*** DATASET EXCERPTS Section Begins ***
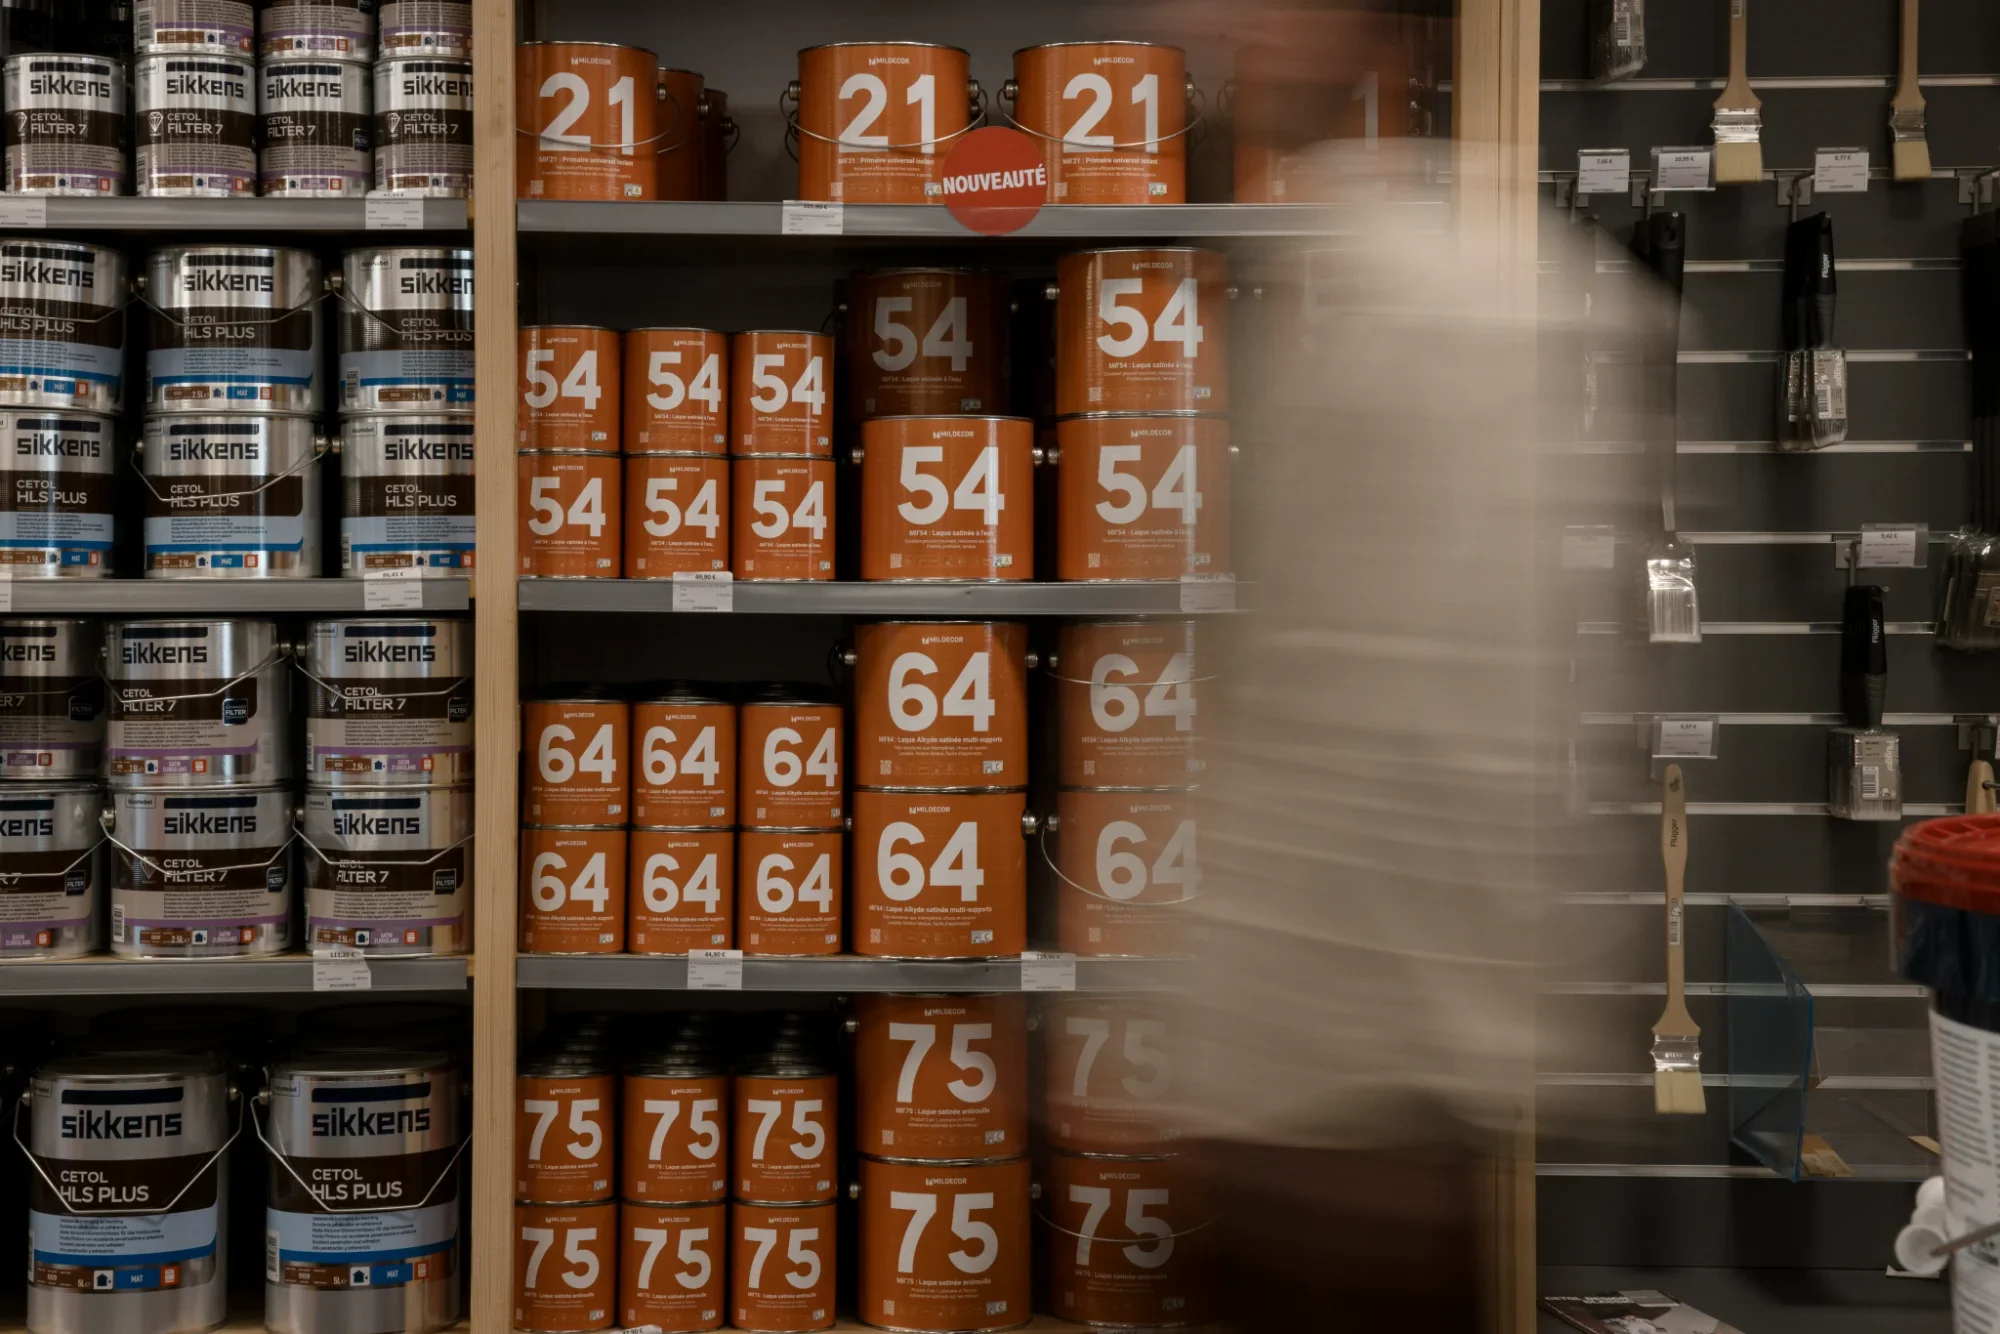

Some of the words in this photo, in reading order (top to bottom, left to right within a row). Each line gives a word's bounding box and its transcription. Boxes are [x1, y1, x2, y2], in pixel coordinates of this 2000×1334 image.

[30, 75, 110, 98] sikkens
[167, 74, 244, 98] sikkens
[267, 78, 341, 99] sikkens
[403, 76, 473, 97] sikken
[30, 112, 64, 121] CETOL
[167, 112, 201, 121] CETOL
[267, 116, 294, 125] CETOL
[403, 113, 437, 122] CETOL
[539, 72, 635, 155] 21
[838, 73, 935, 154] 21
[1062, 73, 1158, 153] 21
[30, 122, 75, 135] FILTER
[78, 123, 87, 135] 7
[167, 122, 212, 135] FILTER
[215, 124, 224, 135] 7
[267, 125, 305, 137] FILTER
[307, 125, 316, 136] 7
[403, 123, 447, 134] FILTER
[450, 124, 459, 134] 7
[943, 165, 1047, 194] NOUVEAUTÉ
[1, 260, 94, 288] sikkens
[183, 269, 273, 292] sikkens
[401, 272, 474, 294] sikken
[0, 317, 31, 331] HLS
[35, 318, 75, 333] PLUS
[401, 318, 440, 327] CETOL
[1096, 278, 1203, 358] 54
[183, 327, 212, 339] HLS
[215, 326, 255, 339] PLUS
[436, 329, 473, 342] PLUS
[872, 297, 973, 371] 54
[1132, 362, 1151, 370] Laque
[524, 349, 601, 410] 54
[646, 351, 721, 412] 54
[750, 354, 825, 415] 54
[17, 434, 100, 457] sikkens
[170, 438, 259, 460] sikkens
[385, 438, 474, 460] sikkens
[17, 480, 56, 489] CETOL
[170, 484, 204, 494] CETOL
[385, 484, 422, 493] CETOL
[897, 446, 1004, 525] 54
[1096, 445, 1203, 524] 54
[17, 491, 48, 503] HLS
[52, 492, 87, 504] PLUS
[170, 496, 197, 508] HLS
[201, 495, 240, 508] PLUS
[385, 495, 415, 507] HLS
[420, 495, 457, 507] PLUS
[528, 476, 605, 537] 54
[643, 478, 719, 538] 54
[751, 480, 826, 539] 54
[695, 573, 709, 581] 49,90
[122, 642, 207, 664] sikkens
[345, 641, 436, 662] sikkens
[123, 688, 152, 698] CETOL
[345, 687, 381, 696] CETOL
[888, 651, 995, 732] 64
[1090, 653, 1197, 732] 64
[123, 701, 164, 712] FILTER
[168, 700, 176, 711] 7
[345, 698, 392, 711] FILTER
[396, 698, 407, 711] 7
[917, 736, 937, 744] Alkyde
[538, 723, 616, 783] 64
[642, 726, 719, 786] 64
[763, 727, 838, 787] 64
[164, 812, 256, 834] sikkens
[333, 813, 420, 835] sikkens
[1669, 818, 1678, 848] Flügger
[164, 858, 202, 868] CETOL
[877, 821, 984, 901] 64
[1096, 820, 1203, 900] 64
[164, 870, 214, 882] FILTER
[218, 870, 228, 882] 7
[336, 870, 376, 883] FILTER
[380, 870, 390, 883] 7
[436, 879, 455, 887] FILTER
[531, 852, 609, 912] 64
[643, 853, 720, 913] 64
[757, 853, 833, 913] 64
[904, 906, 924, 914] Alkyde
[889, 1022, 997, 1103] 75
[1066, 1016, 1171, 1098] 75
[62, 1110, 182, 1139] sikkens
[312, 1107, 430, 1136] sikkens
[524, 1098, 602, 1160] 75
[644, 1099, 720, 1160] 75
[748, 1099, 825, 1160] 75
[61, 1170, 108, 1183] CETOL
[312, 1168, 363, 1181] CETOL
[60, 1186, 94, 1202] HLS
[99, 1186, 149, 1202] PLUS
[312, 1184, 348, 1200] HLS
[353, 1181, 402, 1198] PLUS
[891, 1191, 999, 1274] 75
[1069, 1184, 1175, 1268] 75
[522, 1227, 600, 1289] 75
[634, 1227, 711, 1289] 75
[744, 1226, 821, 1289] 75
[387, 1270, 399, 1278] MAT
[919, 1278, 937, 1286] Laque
*** DATASET EXCERPTS Section Ends ***
## TASK TO CARRY OUT
Transcribe all data precisely. Pictures are not copied.

## TASK SOLUTION
Some of the words in this photo, in reading order (top to bottom, left to right within a row). Each line gives a word's bounding box and its transcription. Boxes are [x1, y1, x2, y2], in pixel coordinates of this 2000×1334 image.

[30, 75, 110, 98] sikkens
[167, 74, 244, 98] sikkens
[267, 78, 341, 99] sikkens
[403, 76, 473, 97] sikken
[30, 112, 64, 121] CETOL
[167, 112, 201, 121] CETOL
[267, 116, 294, 125] CETOL
[403, 113, 437, 122] CETOL
[539, 72, 635, 155] 21
[838, 73, 935, 154] 21
[1062, 73, 1158, 153] 21
[30, 122, 75, 135] FILTER
[78, 123, 87, 135] 7
[167, 122, 212, 135] FILTER
[215, 124, 224, 135] 7
[267, 125, 305, 137] FILTER
[307, 125, 316, 136] 7
[403, 123, 447, 134] FILTER
[450, 124, 459, 134] 7
[943, 165, 1047, 194] NOUVEAUTÉ
[1, 260, 94, 288] sikkens
[183, 269, 273, 292] sikkens
[401, 272, 474, 294] sikken
[0, 317, 31, 331] HLS
[35, 318, 75, 333] PLUS
[401, 318, 440, 327] CETOL
[1096, 278, 1203, 358] 54
[183, 327, 212, 339] HLS
[215, 326, 255, 339] PLUS
[436, 329, 473, 342] PLUS
[872, 297, 973, 371] 54
[1132, 362, 1151, 370] Laque
[524, 349, 601, 410] 54
[646, 351, 721, 412] 54
[750, 354, 825, 415] 54
[17, 434, 100, 457] sikkens
[170, 438, 259, 460] sikkens
[385, 438, 474, 460] sikkens
[17, 480, 56, 489] CETOL
[170, 484, 204, 494] CETOL
[385, 484, 422, 493] CETOL
[897, 446, 1004, 525] 54
[1096, 445, 1203, 524] 54
[17, 491, 48, 503] HLS
[52, 492, 87, 504] PLUS
[170, 496, 197, 508] HLS
[201, 495, 240, 508] PLUS
[385, 495, 415, 507] HLS
[420, 495, 457, 507] PLUS
[528, 476, 605, 537] 54
[643, 478, 719, 538] 54
[751, 480, 826, 539] 54
[695, 573, 709, 581] 49,90
[122, 642, 207, 664] sikkens
[345, 641, 436, 662] sikkens
[123, 688, 152, 698] CETOL
[345, 687, 381, 696] CETOL
[888, 651, 995, 732] 64
[1090, 653, 1197, 732] 64
[123, 701, 164, 712] FILTER
[168, 700, 176, 711] 7
[345, 698, 392, 711] FILTER
[396, 698, 407, 711] 7
[917, 736, 937, 744] Alkyde
[538, 723, 616, 783] 64
[642, 726, 719, 786] 64
[763, 727, 838, 787] 64
[164, 812, 256, 834] sikkens
[333, 813, 420, 835] sikkens
[1669, 818, 1678, 848] Flügger
[164, 858, 202, 868] CETOL
[877, 821, 984, 901] 64
[1096, 820, 1203, 900] 64
[164, 870, 214, 882] FILTER
[218, 870, 228, 882] 7
[336, 870, 376, 883] FILTER
[380, 870, 390, 883] 7
[436, 879, 455, 887] FILTER
[531, 852, 609, 912] 64
[643, 853, 720, 913] 64
[757, 853, 833, 913] 64
[904, 906, 924, 914] Alkyde
[889, 1022, 997, 1103] 75
[1066, 1016, 1171, 1098] 75
[62, 1110, 182, 1139] sikkens
[312, 1107, 430, 1136] sikkens
[524, 1098, 602, 1160] 75
[644, 1099, 720, 1160] 75
[748, 1099, 825, 1160] 75
[61, 1170, 108, 1183] CETOL
[312, 1168, 363, 1181] CETOL
[60, 1186, 94, 1202] HLS
[99, 1186, 149, 1202] PLUS
[312, 1184, 348, 1200] HLS
[353, 1181, 402, 1198] PLUS
[891, 1191, 999, 1274] 75
[1069, 1184, 1175, 1268] 75
[522, 1227, 600, 1289] 75
[634, 1227, 711, 1289] 75
[744, 1226, 821, 1289] 75
[387, 1270, 399, 1278] MAT
[919, 1278, 937, 1286] Laque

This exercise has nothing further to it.